§ THE PROBLEM
I'd like the entries reproduced exactly, with the images omitted.

§ RECORDS

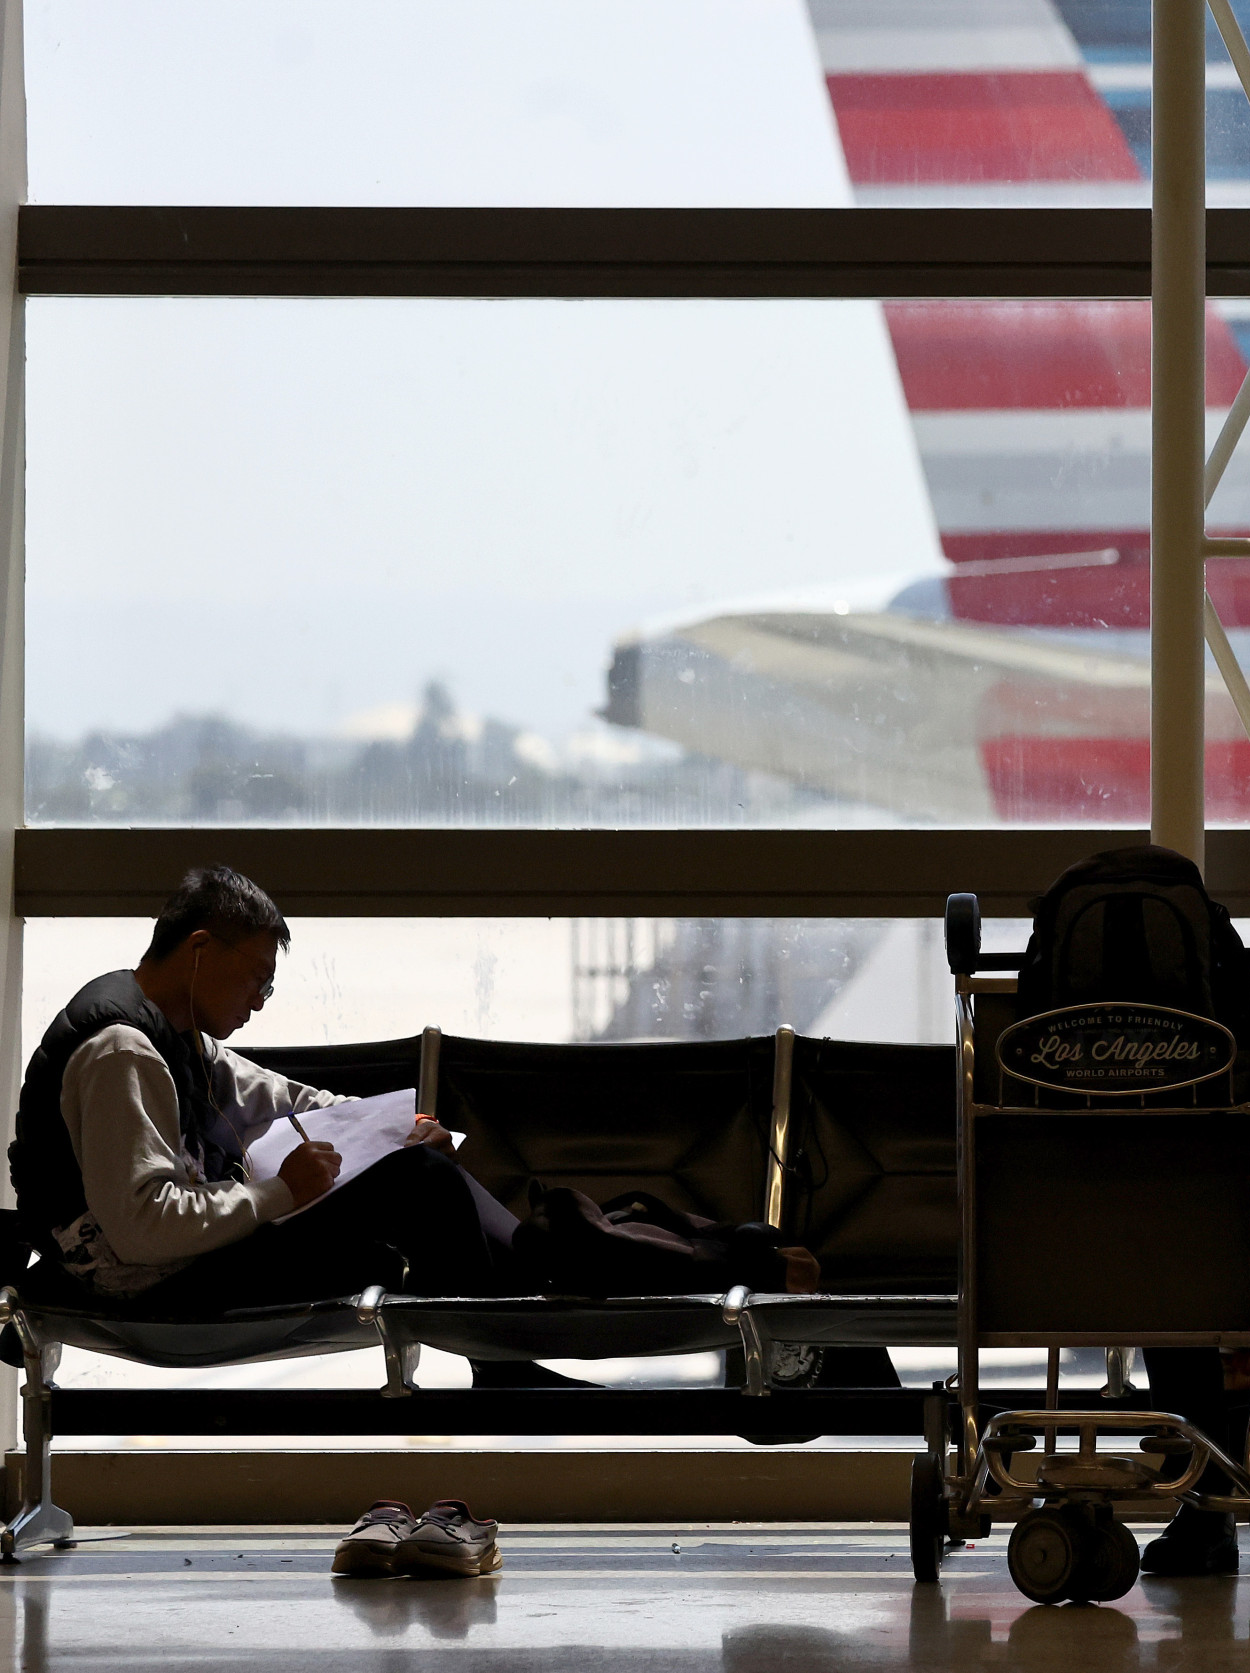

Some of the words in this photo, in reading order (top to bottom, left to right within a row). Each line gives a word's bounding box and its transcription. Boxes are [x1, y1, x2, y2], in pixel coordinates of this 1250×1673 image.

[1048, 1016, 1102, 1033] WELCOME
[1107, 1015, 1122, 1023] TO
[1127, 1016, 1184, 1031] FRIENDLY
[1030, 1035, 1084, 1069] Los
[1092, 1035, 1201, 1068] Angeles
[1066, 1069, 1105, 1077] WORLD
[1108, 1068, 1165, 1076] AIRPORTS
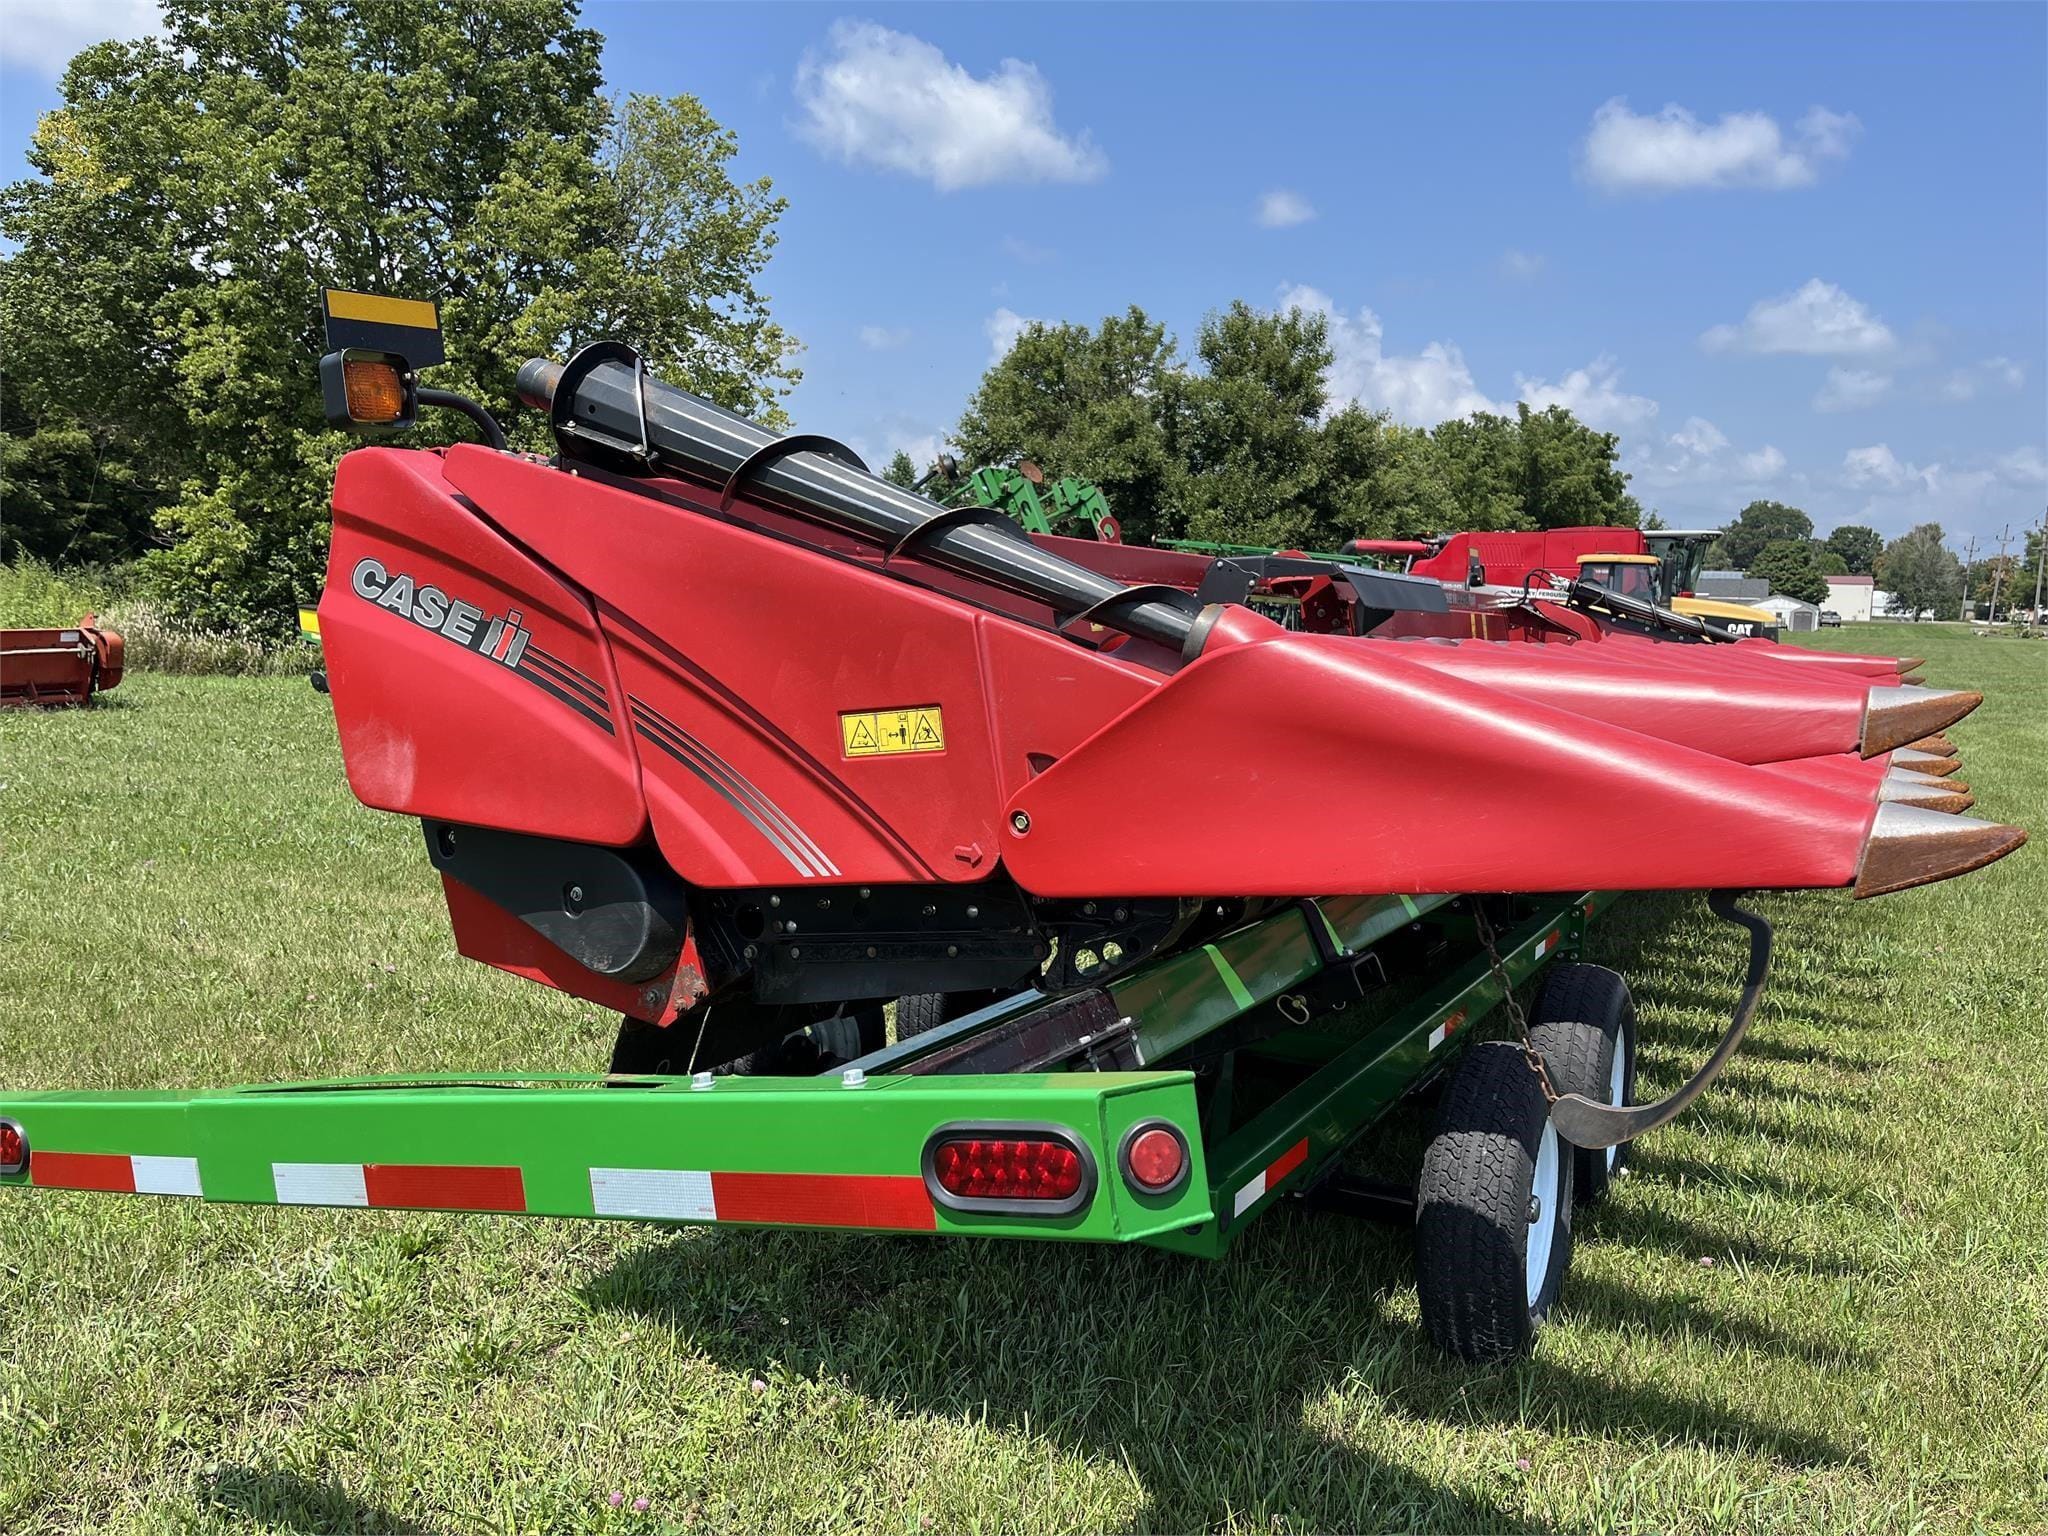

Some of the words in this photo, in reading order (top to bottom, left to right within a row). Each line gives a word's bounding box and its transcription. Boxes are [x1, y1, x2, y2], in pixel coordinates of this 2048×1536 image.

[1510, 588, 1536, 597] MASEY
[352, 558, 484, 646] CASE
[1727, 623, 1754, 637] CAT

§ ANSWER SECTION
Some of the words in this photo, in reading order (top to bottom, left to right within a row). Each line gives a word's bounding box and its transcription. Boxes are [x1, y1, x2, y2], in pixel coordinates of this 1250×1673 image.

[1048, 1016, 1102, 1033] WELCOME
[1107, 1015, 1122, 1023] TO
[1127, 1016, 1184, 1031] FRIENDLY
[1030, 1035, 1084, 1069] Los
[1092, 1035, 1201, 1068] Angeles
[1066, 1069, 1105, 1077] WORLD
[1108, 1068, 1165, 1076] AIRPORTS

Some of the words in this photo, in reading order (top to bottom, left to right within a row). Each line gives a word's bounding box and its transcription. Boxes are [x1, y1, x2, y2], in pixel coordinates of this 2048×1536 image.

[1510, 588, 1536, 597] MASEY
[352, 558, 484, 646] CASE
[1727, 623, 1754, 637] CAT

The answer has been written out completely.